After the fatal 2017 Charlottesville, Va., riot over the removal of a statute of Confederate General Robert E. Lee, the Rev. Kevin Riggs and other Franklin-area pastors decided to do something about the Confederate memorial in the city’s public square.
The pillar erected to remember Confederate soldiers who died in the bloody Battle of Franklin is nicknamed “Chip” for the injury the mustachioed statue received to its hat when it was being installed.
“[If] something like what happened in Charlottesville happened in Franklin, the city would look to the churches and the pastors to bring healing,” Riggs said. “And so instead of waiting for something negative to happen, what could we do that would be positive?”
Franklin, pop. 79,000, is 20 miles south of Nashville.
In the months after the Charlottesville riot, city and county governments have responded differently to the question of Confederate monuments in their communities. Hamilton County, Tenn., decided to keep its monument of Confederate General A.P. Stewart on its courthouse lawn in Chattanooga.
Memphis found a loophole in state law to remove its statue of Nathan Bedford Forrest, the Confederate general who founded the Ku Klux Klan.
Franklin is trying to forge a third way, by adding plaques near the Confederate monument to create context. But a question over land ownership has the United Daughters of the Confederacy fighting the proposal.
According to Riggs, the city’s current telling of its Civil War history is one-sided and lacks the stories of black residents of the area.
Riggs is pastor of Franklin Community Church, a small church with a focus on social justice. While the church operates within the wealthiest county of Tennessee, many members of Riggs’ church are low-income and about half are black.
In late summer, Riggs joined a group of pastors and a historian to present a proposal to Franklin’s Board of Mayor and Aldermen to “give a fuller story” about Franklin’s Civil War history as experienced by its black residents.
The four plaques would tell the stories of a former slave market, the black residents who signed up to fight for the Union Army at a nearby provost office, a race riot and the Reconstruction Era.
Eventually, the group wants the city to commission a statue to memorialize the 300 black residents from the area who fought in the Civil War with the United States Colored Troops.
The idea garnered wide support. The county Chamber of Commerce and the visitors bureau sent letters of support, as did a handful of local historical preservation organizations.

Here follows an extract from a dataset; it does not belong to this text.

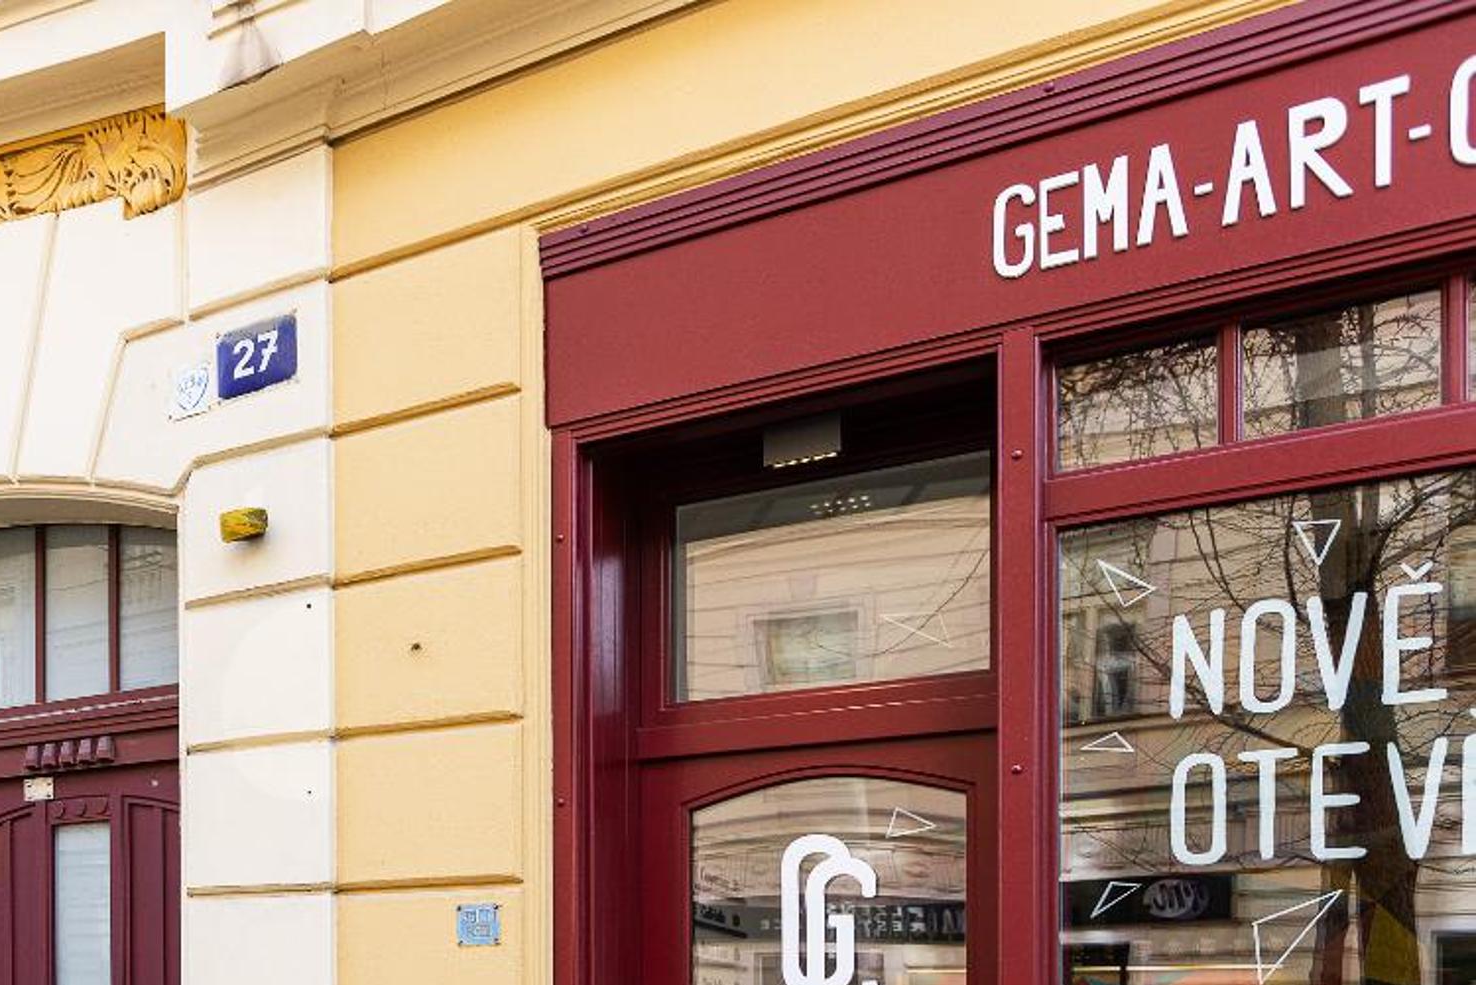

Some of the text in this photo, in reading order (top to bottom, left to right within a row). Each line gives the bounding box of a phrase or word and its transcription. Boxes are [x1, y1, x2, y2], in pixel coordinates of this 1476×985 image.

[233, 330, 278, 379] 27
[1169, 560, 1447, 720] NOVĚ
[1170, 708, 1476, 866] OTEV

But the local Daughters of the Confederacy claimed that the public square was theirs, thanks to an old court decree, and they said they were not consulted about the monuments. To resolve the question, the City of Franklin sued the Franklin Chapter 14 of the United Daughters of the Confederacy on Aug. 31 in Williamson County Chancery Court.
“On August 28, 2018,” the 5-page complaint states,“counsel for the Franklin UDC threatened to sue the city if it placed historic markers depicting the experience of the African-Americans before, during, and after the Civil War within the Public Square, claiming ownership of the Public Square.”
The lawsuit, filed by City Attorney Shauna Billingsley, asked the court to declare who owned the land surrounding the Confederate monument.
Billingsley told Courthouse News that the city has used the public square for various celebrations. The city flies flags from it. A Christmas tree stands there for the holidays, and the United Daughters of the Confederacy has not objected to the city’s displays.